EXERCISE - Transcribe each of the records below exactly, excluding all pictures.

PROVIDED DATA -
- - - - - - -

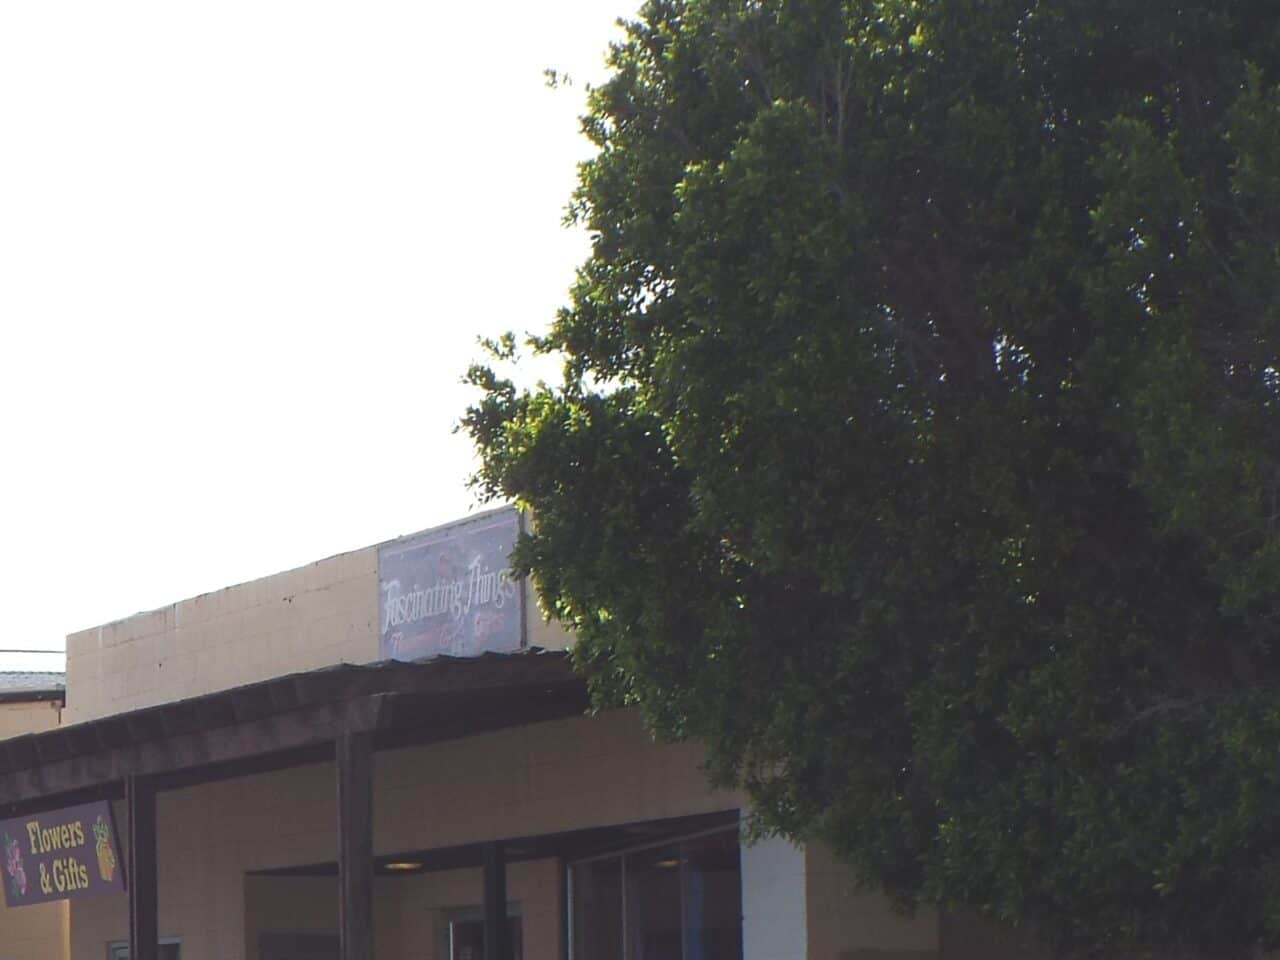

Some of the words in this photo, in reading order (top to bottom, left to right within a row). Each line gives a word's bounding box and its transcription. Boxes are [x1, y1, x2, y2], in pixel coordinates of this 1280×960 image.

[26, 821, 85, 854] Flowers
[39, 863, 52, 895] &
[53, 857, 89, 892] Gifts
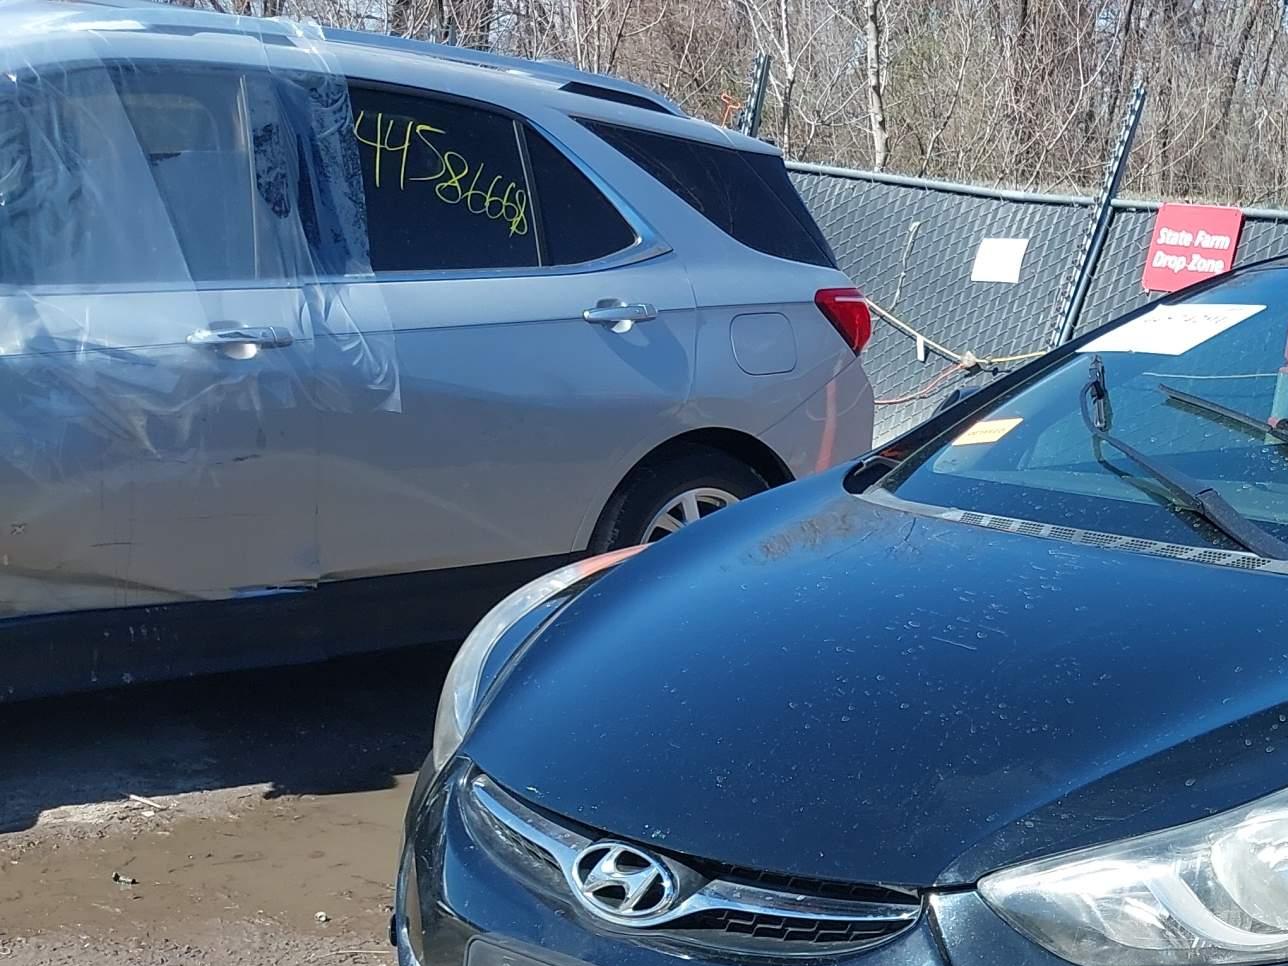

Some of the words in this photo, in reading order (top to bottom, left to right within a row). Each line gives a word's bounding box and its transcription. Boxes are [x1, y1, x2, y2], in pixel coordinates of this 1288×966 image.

- - - - - - -

TASK OUTPUT -
Some of the words in this photo, in reading order (top to bottom, left to right within a row). Each line gives a word's bounding box and its transcription. Boxes are [x1, y1, x2, y2], in pixel coordinates of this 1280×960 image.

[26, 821, 85, 854] Flowers
[39, 863, 52, 895] &
[53, 857, 89, 892] Gifts

Some of the words in this photo, in reading order (top to bottom, left to right within a row). Each line gives a word's bounding box and its transcription. Boxes are [x1, y1, x2, y2], in pixel coordinates of this 1288×966 image.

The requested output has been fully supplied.